Abby Johnson, była dyrektorka kliniki aborcyjnej, obecnie działaczka pro-life, na podstawie życia której napisano scenariusz filmy "Nieplanowane", zwróciła się do Polaków.

W rozmowie Abby Johnson wyznaje, że zamierzała pracować dla Planned Parenthood do emerytury, bowiem uważała, że postępuje właściwie, pomaga ludziom.
 

- Musisz oddzielić matkę od dziecka, żeby móc pracować w klinice aborcyjnej - wyznaje działaczka, wspominając, że wcześniej nie zastanawiała się nad tym, że zabiera komuś życie, myślała jedynie, że ułatwia rozwój i karierę matce, która dziecka nie chce.

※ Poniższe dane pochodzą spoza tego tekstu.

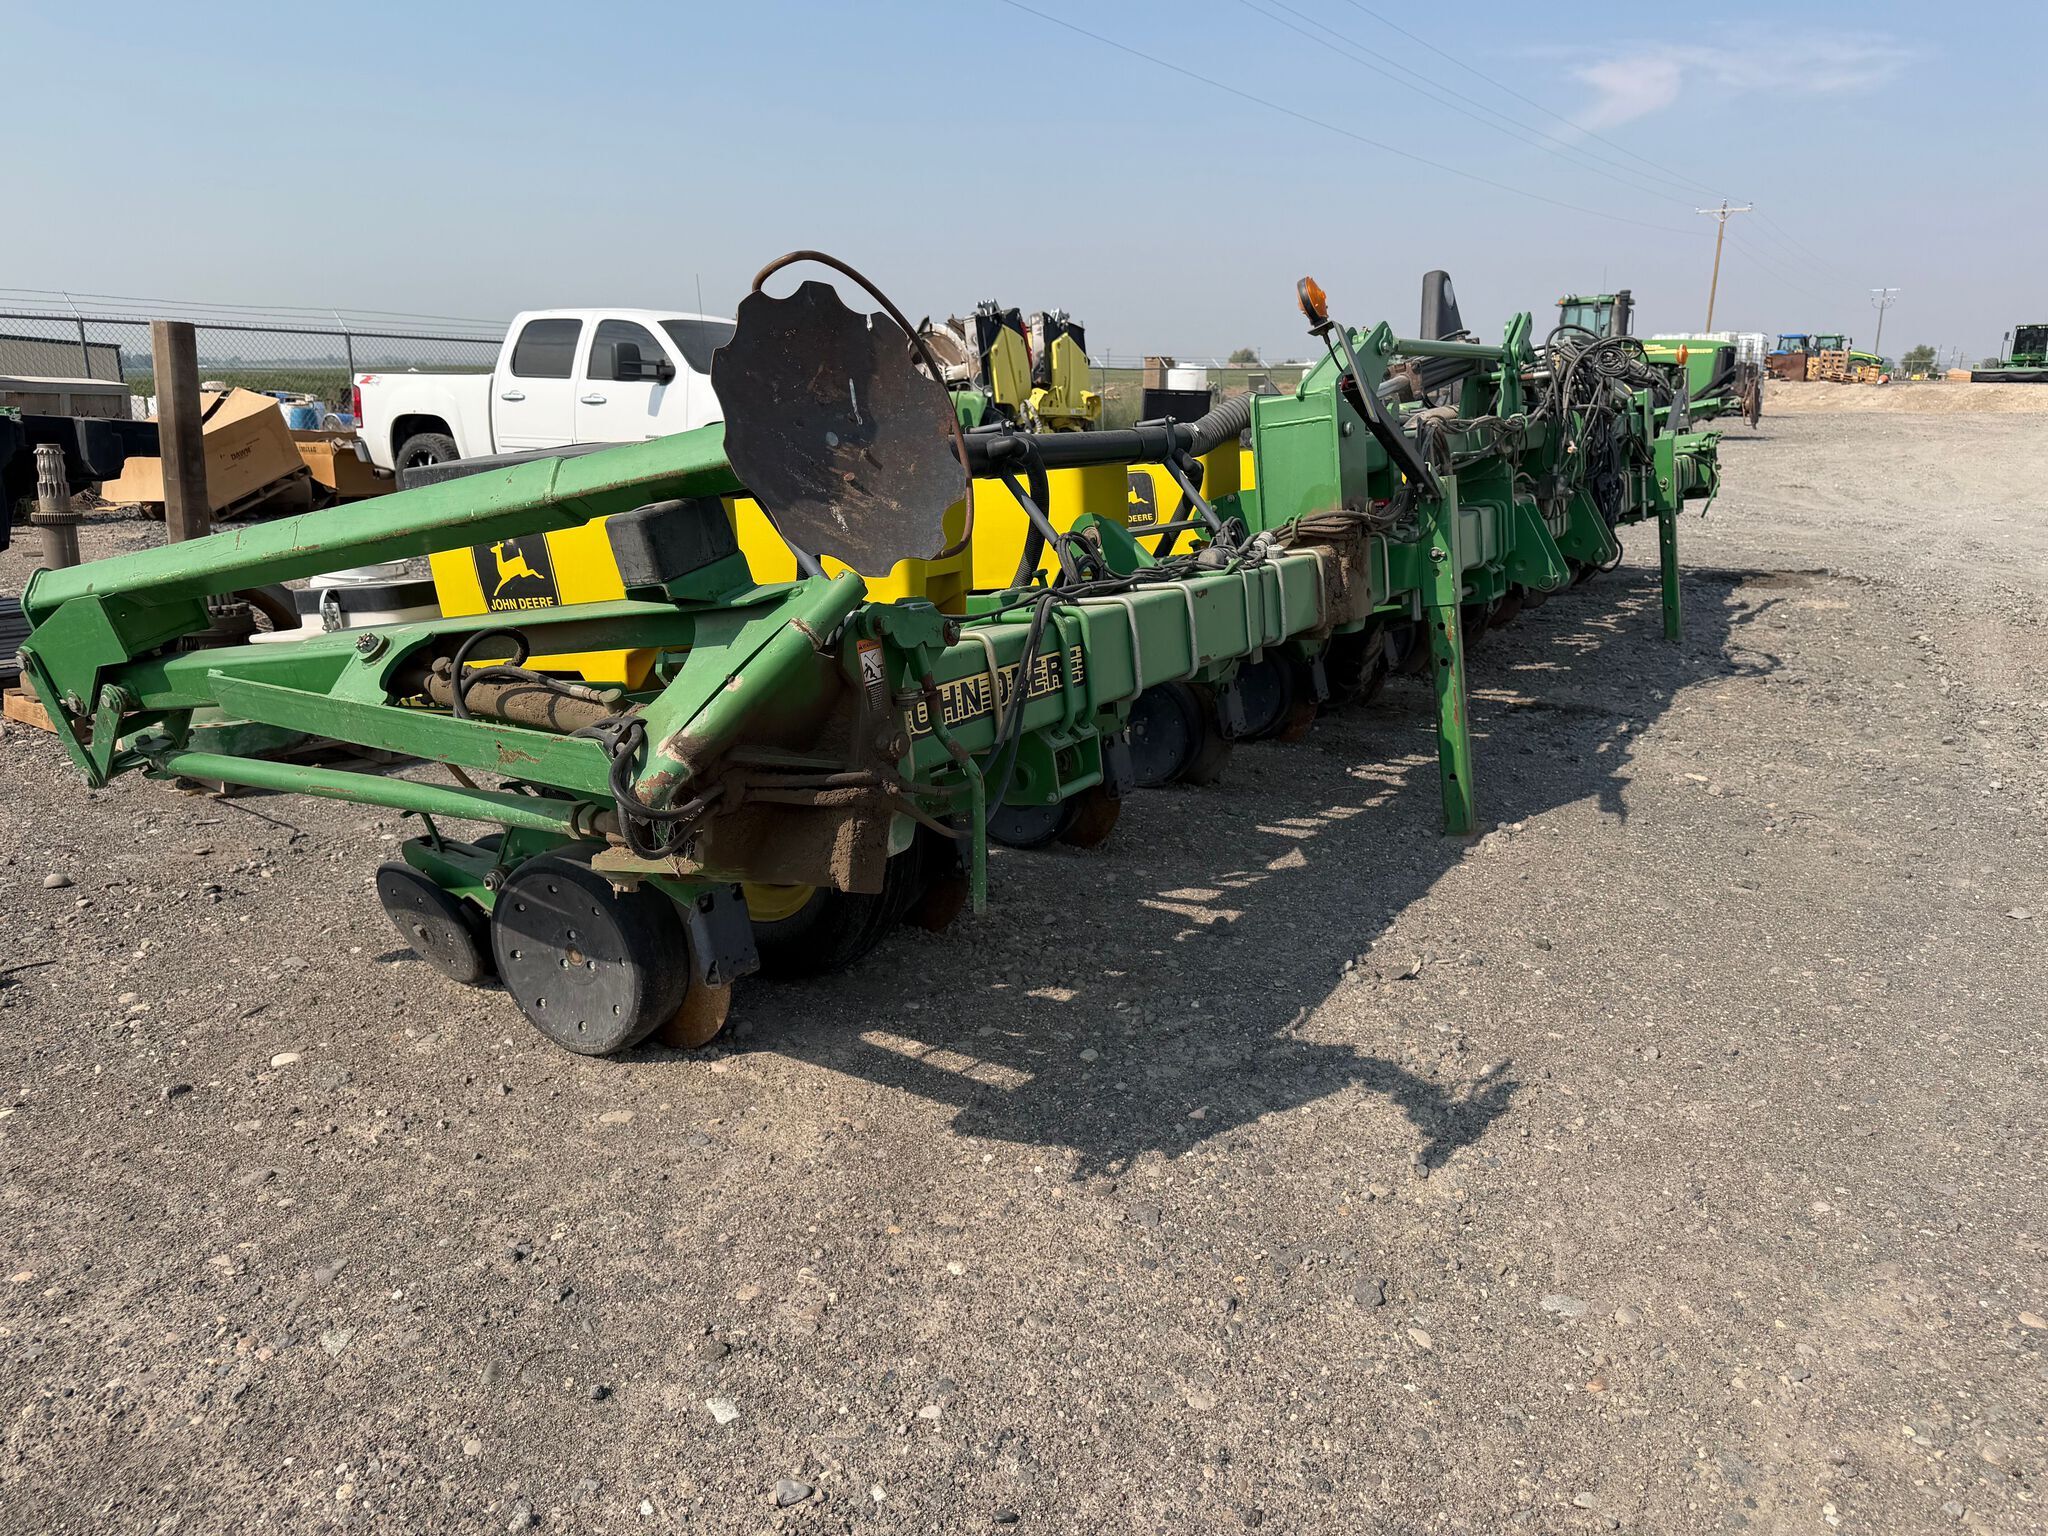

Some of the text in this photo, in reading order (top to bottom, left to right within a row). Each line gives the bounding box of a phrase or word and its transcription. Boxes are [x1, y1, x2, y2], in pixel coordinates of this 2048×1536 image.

[491, 596, 555, 611] JOHN DEERE
[908, 674, 986, 735] OHN

Johnson przyznaje, że PP reklamuje szeroki zakres swoich usług, ale najbardziej dochodowym jest aborcja. Kobieta wspomina to, co zobaczyła na ekranie monitora służącego do wykonywania badań USG tego dnia, który odmienił jej życie i spojrzenie na sprawę aborcji.

Opowiada także, jak bała się zostawić pracę i jak zdecydowała się zaufać Bogu w tym, że jeśli postąpi słusznie, to On jej nie zostawi.

Obecnie Abby Johnson jest matką ośmiorga dzieci i rozwija się zarówno jej wspólnota, jak i działalność związana z ruchem pro-life. 
 

- Choć jest to trudne i czasami jesteśmy prześladowani z powodu naszych przekonań, to powinno nas umocnić w kontynuowaniu tej walki. Mogą być chwile, gdy będziemy cierpień, ale nigdy nie będziemy cierpieć bardziej niż dziecko w łonie, ani bardziej niż Jezus Chrystus - powiedziała.


Johnson zachęca, by cierpienie spowodowane prześladowaniem oddawać Bogu w intencji zabijanych dzieci i złamanych aborcją kobiet.

- My, katolicy na całym świecie, potrzebujemy Polski, by trwać teraz w sile. Wszyscy, kiedy myślą o Kościele katolickim, mają na myśli Watykan, Rzym. Ale wielu z nas Kościół katolicki kojarzy się z Polską, z pięknem Kościoła katolickiego w Polsce. Potrzebujemy, by Polska pozostała silna. Potrzebujemy świadectwa wiary Polaków... - stwierdziła.